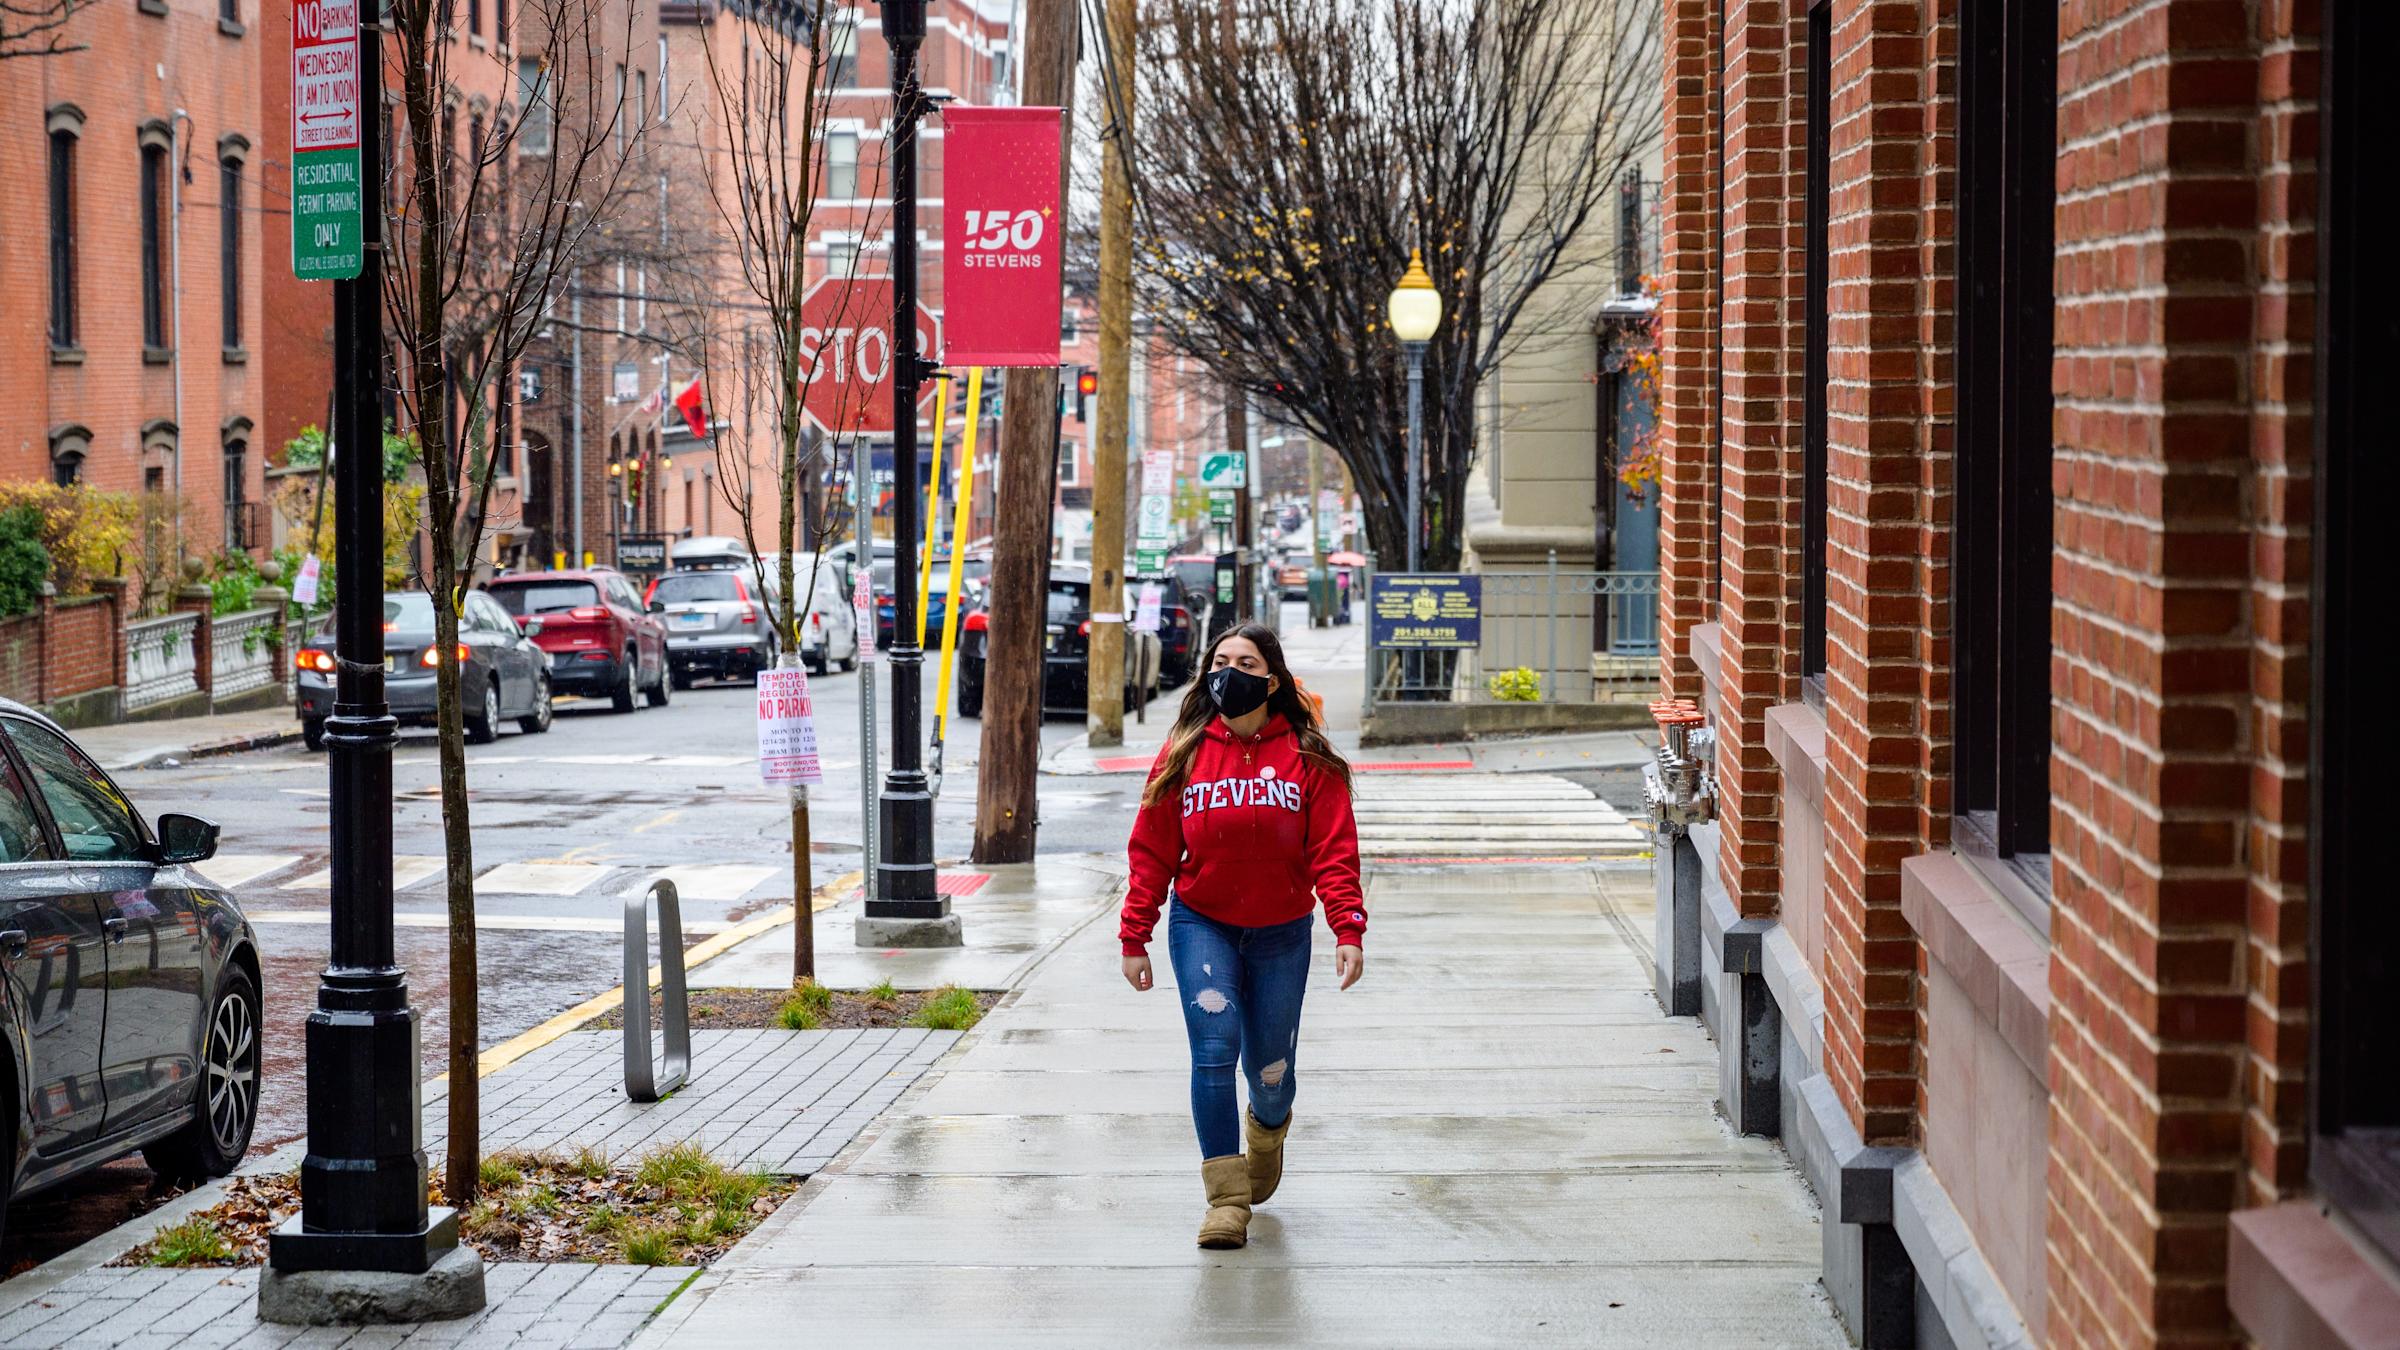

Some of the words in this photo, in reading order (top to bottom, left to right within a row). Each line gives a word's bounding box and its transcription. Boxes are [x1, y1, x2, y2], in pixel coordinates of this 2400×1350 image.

[297, 1, 319, 39] NO
[322, 4, 353, 30] PARKING
[298, 49, 354, 77] WEDNESDAY
[298, 85, 303, 107] 11
[306, 83, 318, 106] AM
[320, 81, 330, 106] TO
[333, 79, 355, 103] NOON
[301, 127, 323, 143] STREET
[324, 124, 353, 140] CLEANING
[298, 162, 355, 185] RESIDENTIAL
[298, 193, 325, 215] PERMIT
[326, 191, 357, 213] PARKING
[314, 222, 341, 248] ONLY
[964, 209, 1044, 250] 150
[964, 254, 1042, 268] STEVENS
[760, 699, 773, 720] NO
[1182, 778, 1301, 818] STEVENS

◆ Task: All entries above must be duplicated exactly; please omit any picture they hold.

◆ Solution for this problem:
Some of the words in this photo, in reading order (top to bottom, left to right within a row). Each line gives a word's bounding box and its transcription. Boxes are [x1, y1, x2, y2], in pixel coordinates of this 2400×1350 image.

[297, 1, 319, 39] NO
[322, 4, 353, 30] PARKING
[298, 49, 354, 77] WEDNESDAY
[298, 85, 303, 107] 11
[306, 83, 318, 106] AM
[320, 81, 330, 106] TO
[333, 79, 355, 103] NOON
[301, 127, 323, 143] STREET
[324, 124, 353, 140] CLEANING
[298, 162, 355, 185] RESIDENTIAL
[298, 193, 325, 215] PERMIT
[326, 191, 357, 213] PARKING
[314, 222, 341, 248] ONLY
[964, 209, 1044, 250] 150
[964, 254, 1042, 268] STEVENS
[760, 699, 773, 720] NO
[1182, 778, 1301, 818] STEVENS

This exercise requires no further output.